In comparison to local relief, the $50 per month average of WPA wages seemed munificent. But how many got it? Only one out of every four or five families on relief. And many unemployed were either unable to get on the relief rolls or refused to undergo the humiliation of applying for relief until they were actually starving.

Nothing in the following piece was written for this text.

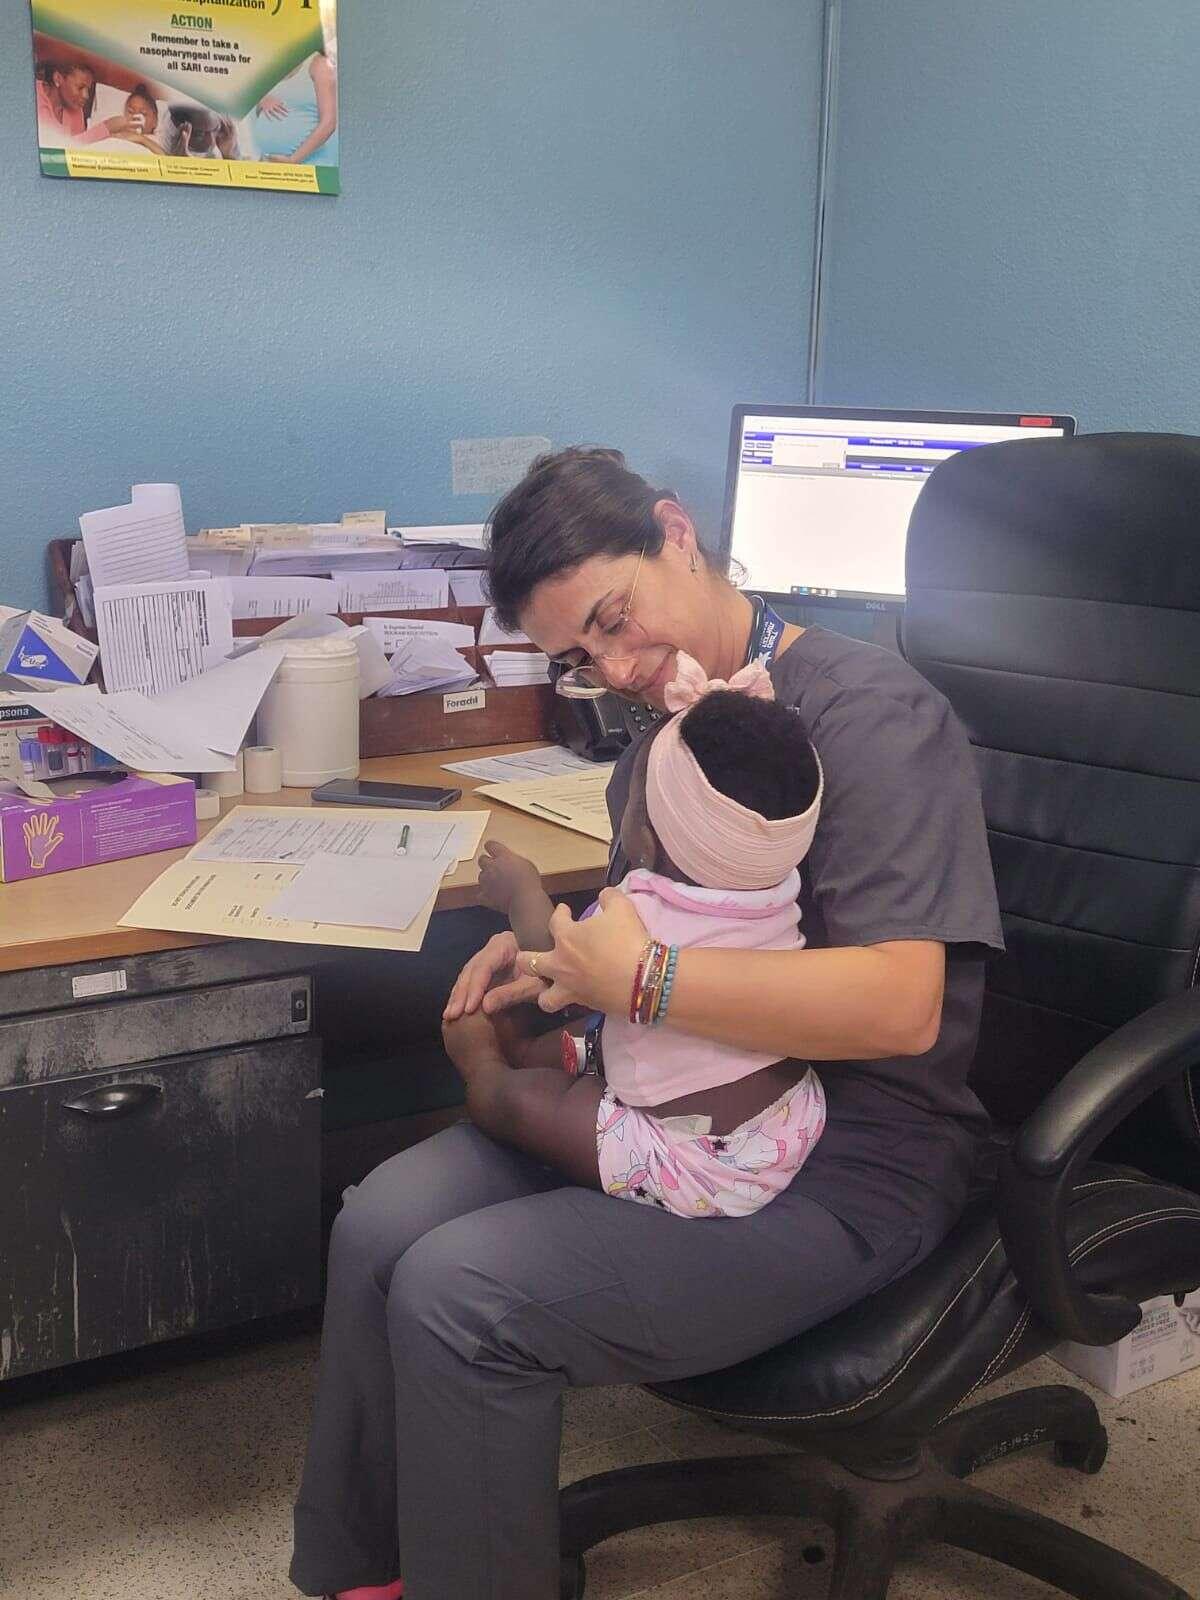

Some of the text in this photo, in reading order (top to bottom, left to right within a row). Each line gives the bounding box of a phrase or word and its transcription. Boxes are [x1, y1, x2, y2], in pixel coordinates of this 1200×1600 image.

Let us see the actual statistics of how many were on WPA and PWA, and how many were unemployed, during the peacetime New Deal years. The figures for WPA and PWA payrolls are the government’s own. Those for the number of unemployed are the very conservative figures of the AFL monthly estimates (which I have roughly computed in yearly totals). It should be remembered that the only actual count of the unemployed ever attempted, the Federal “unemployment census” taken in the summer of 1937, showed about two million MORE unemployed than the AFL estimate. Here are the figures:

Year

        

WPA

        

PWA

  

No. Unemployed

1935

1,092,000

325,000

10,500,000

1936

3,061,000

268,000

  9,000,000

1937

2,140,000

159,000

10,000,000

1938

2,926,000

111,000

11,000,000

1939

2,436,000

233,000

10,500,000

1940

1,941,000

  61,000

  9,500,000

These figures show:

  1. PWA proved to be not a drop in the bucket as a means of alleviating unemployment.
     
  2. WPA ranged from employing one out of ten of the unemployed to one out of three—the latter, however, only during 1936.
     
  3. In the election year of 1936, WPA payrolls were at their highest. Similarly for the years of Congressional elections, and also for 1940, payrolls temporarily rose just preceding elections.
     

What the Figures Prove

But, goes the myth, it wasn’t Roosevelt’s fault, but the fault of the Republican and ultra-reactionary Democratic Congressmen who cut down his requests for appropriations. This systematically-propagated lie is refuted by the complete figures of how much Roosevelt asked for WPA each year. These show he asked for little more than the so-called “Republocrates” gave, and far less than the labor movement asked for. Here one example must suffice. On April 27, 1939 Roosevelt wrote in his relief message to Congress:
 

What Roosevelt Really Did

“For the fiscal year 1940, I recommend, therefore, that the specific sum of $1,477,000,000 be provided for the Works Progress Administration. This represents a reduction of one-third below the amount provided in the current fiscal year.”

In other words, it was Roosevelt himself who, when unemployment stood at nearly eleven million, proposed to throw a million out of the 2,900,000 on WPA off the payrolls.

In a word, the story of his admirers, that Roosevelt provided WPA jobs for the bulk of the unemployed, is a deliberate fraud.

(This is the fourth of a series of articles on Roosevelt’s role.)